_Exercise:_ Although the records include pictures, print only the rest, exactly as written.

***** Dataset content

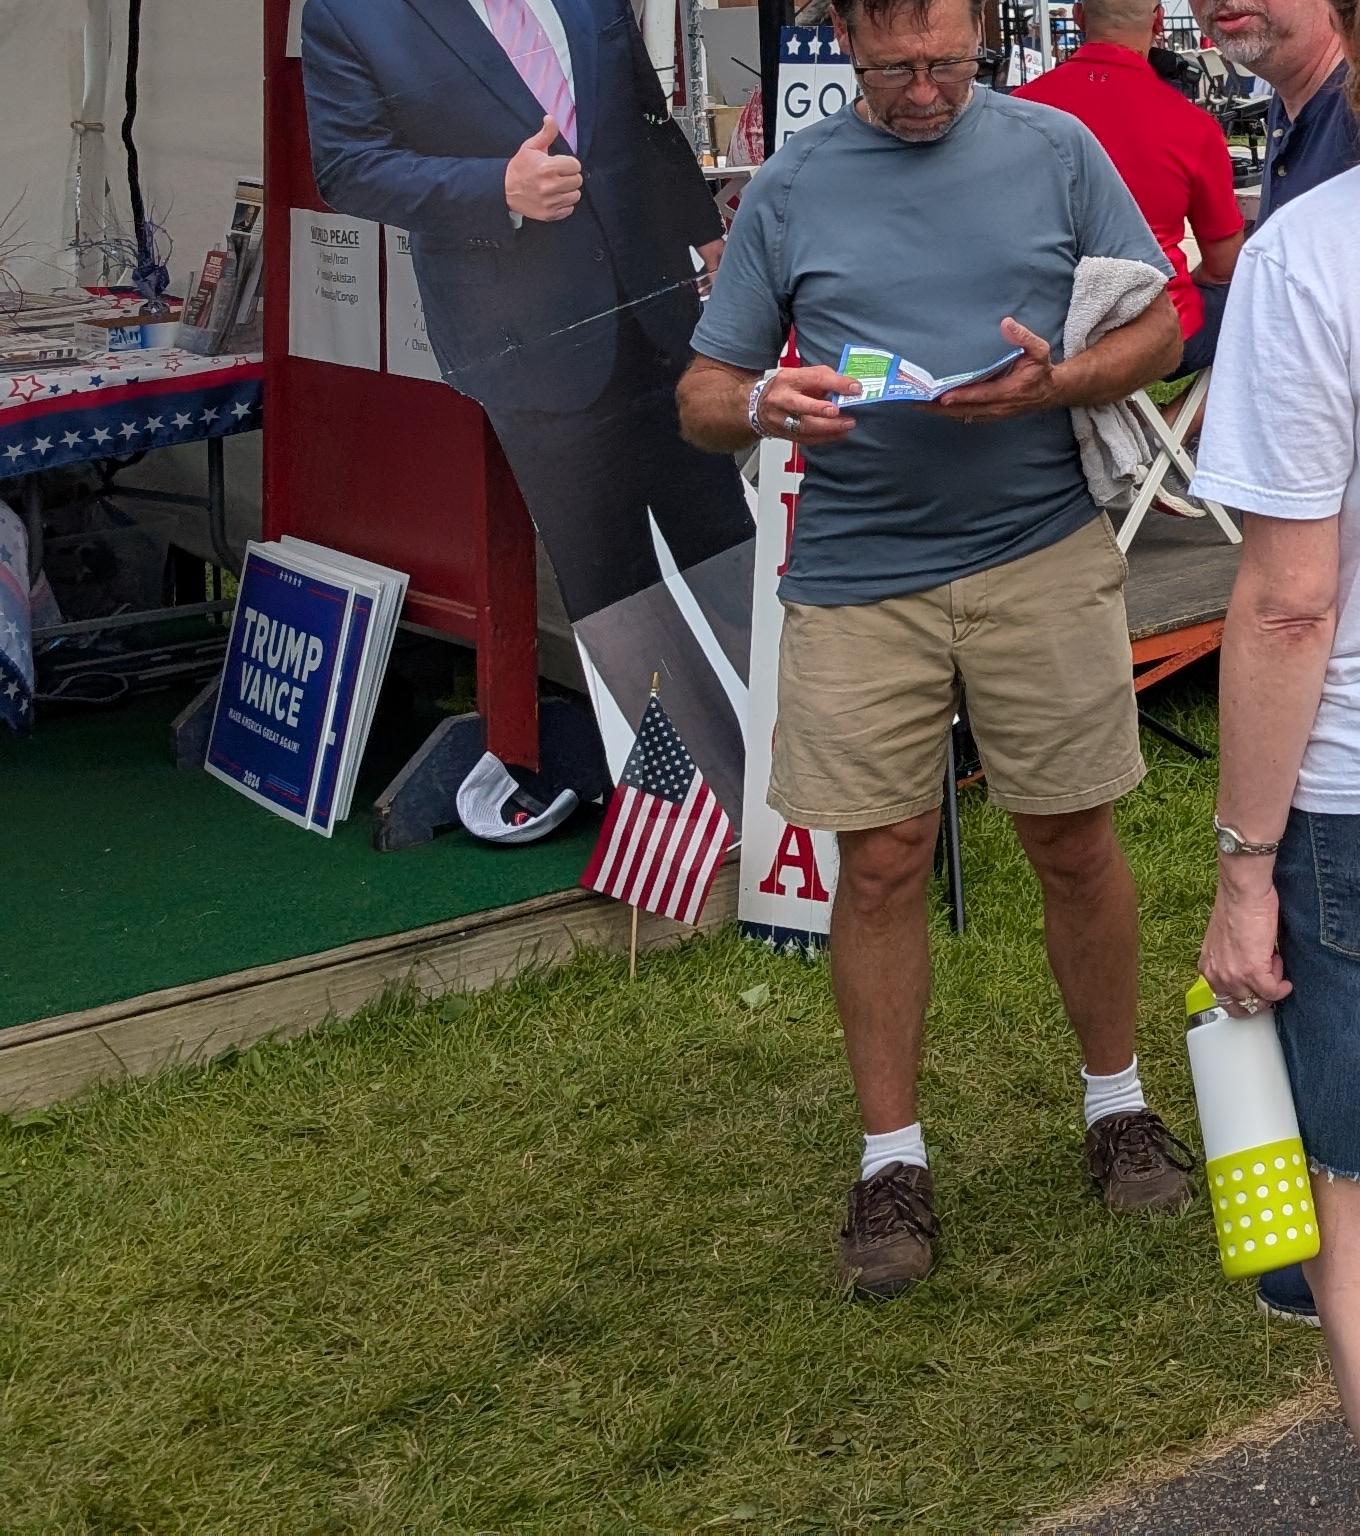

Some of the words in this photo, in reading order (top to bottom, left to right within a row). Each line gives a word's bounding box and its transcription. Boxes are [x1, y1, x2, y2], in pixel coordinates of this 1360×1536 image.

[329, 229, 360, 246] PEACE
[241, 606, 324, 684] TRUMP
[238, 661, 304, 729] VANCE
[242, 769, 261, 790] 2024

**********

_Solution:_
Some of the words in this photo, in reading order (top to bottom, left to right within a row). Each line gives a word's bounding box and its transcription. Boxes are [x1, y1, x2, y2], in pixel coordinates of this 1360×1536 image.

[329, 229, 360, 246] PEACE
[241, 606, 324, 684] TRUMP
[238, 661, 304, 729] VANCE
[242, 769, 261, 790] 2024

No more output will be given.